If you remember, Anonymous has been in the news, first, because in support of WikiLeaks, it undertook cyberattacks that brought down the websites of Visa and Mastercard. Second, because it brought down the sites of some government entities in Egypt and helped the anti-government protesters with technical help. Third, because as NPR's Martin Kaste reported, the FBI is hot on the group's heels.
Today, the website ArsTechnica ran a piece that details how Anonymous methodically went after HBGary Federal's digital infrastructure. Earlier this month, HBGary Federal's CEO Aaron Barr said the company, which specializes in analyzing vulnerabilities in computer security for companies and even some government agencies, had undertaken an investigation of Anonymous and had used social media to unmask the group's most important people.
Barr said an HBGary representative was set to give a presentation at a security conference in San Francisco, but as soon as Anonymous got wind of their plans, it hacked into HBGary's servers, rifled through their e-mails and published them to the web. The group defaced HBGary's website and published the user registration database of another site owned by Greg Hoglund, owner of HBGary.

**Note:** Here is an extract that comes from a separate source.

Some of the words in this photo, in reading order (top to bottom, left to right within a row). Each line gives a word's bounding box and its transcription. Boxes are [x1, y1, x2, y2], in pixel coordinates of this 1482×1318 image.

Amazingly, reports ArsTechnica, Anonymous managed all this by exploiting, easy and everyday security flaws. ...
If even professional security firms are this vulnerable, I hate to think what will happen when the cyber war really starts.
If he had stored the paper in his wallet rather than on the laptop, I would have said the he handled the situation very well. For most people, the physical security afforded by their wallet is more than sufficient to safely store passwords. HBGary Federal would certainly have been better off if Aaron Barr and Ted Vera had used better passwords but written them down.

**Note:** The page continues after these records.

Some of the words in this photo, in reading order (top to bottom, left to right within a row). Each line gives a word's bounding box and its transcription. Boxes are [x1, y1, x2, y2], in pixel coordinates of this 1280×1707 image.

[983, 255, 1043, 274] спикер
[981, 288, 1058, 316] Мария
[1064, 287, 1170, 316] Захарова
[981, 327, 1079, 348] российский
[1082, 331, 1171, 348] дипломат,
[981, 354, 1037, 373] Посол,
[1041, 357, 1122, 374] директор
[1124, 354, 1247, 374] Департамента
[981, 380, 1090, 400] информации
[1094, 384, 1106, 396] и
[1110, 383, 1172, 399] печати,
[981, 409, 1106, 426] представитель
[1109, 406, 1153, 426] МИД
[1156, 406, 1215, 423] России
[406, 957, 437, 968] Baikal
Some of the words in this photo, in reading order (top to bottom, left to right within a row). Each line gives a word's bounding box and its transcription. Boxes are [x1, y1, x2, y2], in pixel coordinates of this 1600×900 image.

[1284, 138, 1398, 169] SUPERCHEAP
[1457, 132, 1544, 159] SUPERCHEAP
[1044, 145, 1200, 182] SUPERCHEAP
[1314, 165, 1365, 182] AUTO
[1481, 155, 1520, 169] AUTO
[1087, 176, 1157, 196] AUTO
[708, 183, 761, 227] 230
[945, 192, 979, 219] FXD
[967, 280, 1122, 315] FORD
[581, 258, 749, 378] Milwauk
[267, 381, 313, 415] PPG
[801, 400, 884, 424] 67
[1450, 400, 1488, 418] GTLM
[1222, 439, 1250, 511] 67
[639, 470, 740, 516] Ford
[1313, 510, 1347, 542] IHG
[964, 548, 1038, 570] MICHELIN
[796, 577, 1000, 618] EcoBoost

Telling people to never write down their passwords probably does more harm than good. Many people have too many passwords that change too often to legitimately expect them to be able to memorize them all. And when they do write them down, they have never been told that their wallet is a safer place to store them than under their keyboard.
My father and I eventually came up with a better system: he came up with a list that had enough passwords that he could reuse the first one after the last one on the list expired, and then taped to his laptop a list that had about half of each password on it. He would then put a little pencil mark next to whatever password hint corresponded to the password he was using at the time.